▶ **WHAT IS EXPECTED**: Below are records to be repeated exactly. Leave their pictures behind.

▶ **DATA PROVIDED**:
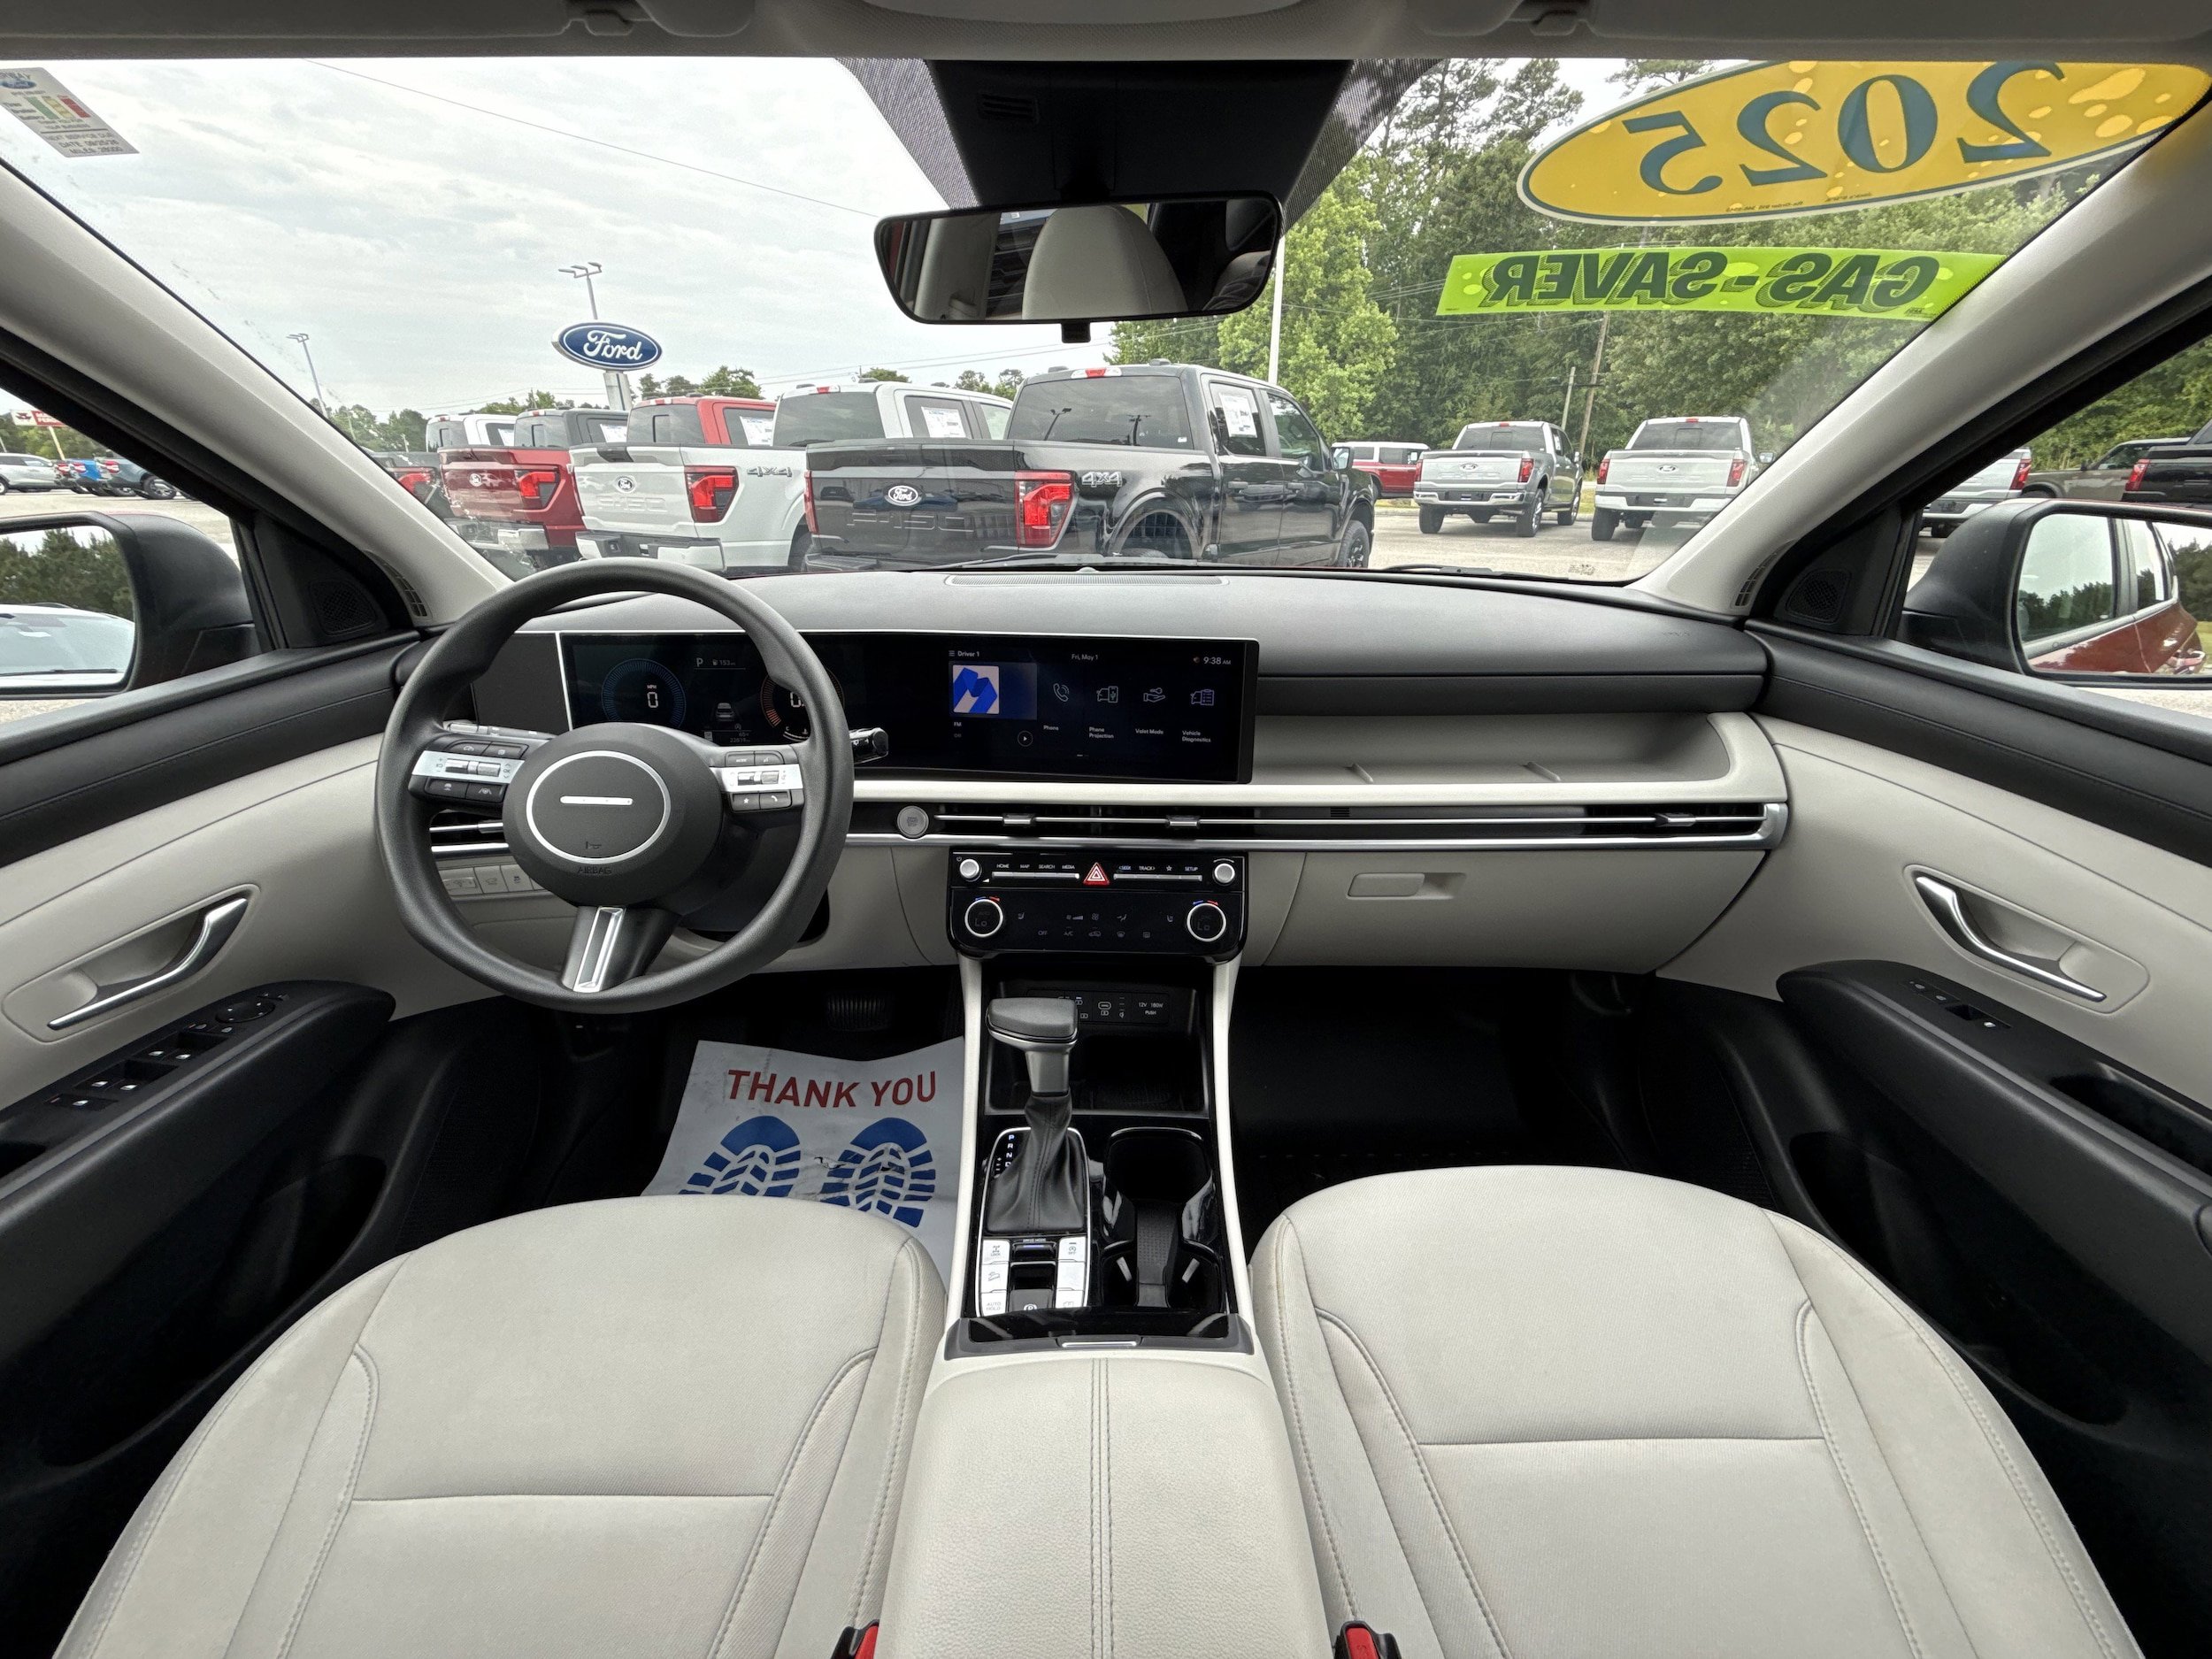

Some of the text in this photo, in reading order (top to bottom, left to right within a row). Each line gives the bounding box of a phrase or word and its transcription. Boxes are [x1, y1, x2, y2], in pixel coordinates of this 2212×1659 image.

[583, 329, 643, 360] Ford
[893, 488, 912, 502] Ford
[696, 657, 703, 667] P
[647, 691, 659, 709] 0
[577, 865, 613, 875] AIRBAG
[727, 1069, 936, 1108] THANK YOU

▶ **RESPONSE TO THIS TASK**:
Some of the text in this photo, in reading order (top to bottom, left to right within a row). Each line gives the bounding box of a phrase or word and its transcription. Boxes are [x1, y1, x2, y2], in pixel coordinates of this 2212×1659 image.

[583, 329, 643, 360] Ford
[893, 488, 912, 502] Ford
[696, 657, 703, 667] P
[647, 691, 659, 709] 0
[577, 865, 613, 875] AIRBAG
[727, 1069, 936, 1108] THANK YOU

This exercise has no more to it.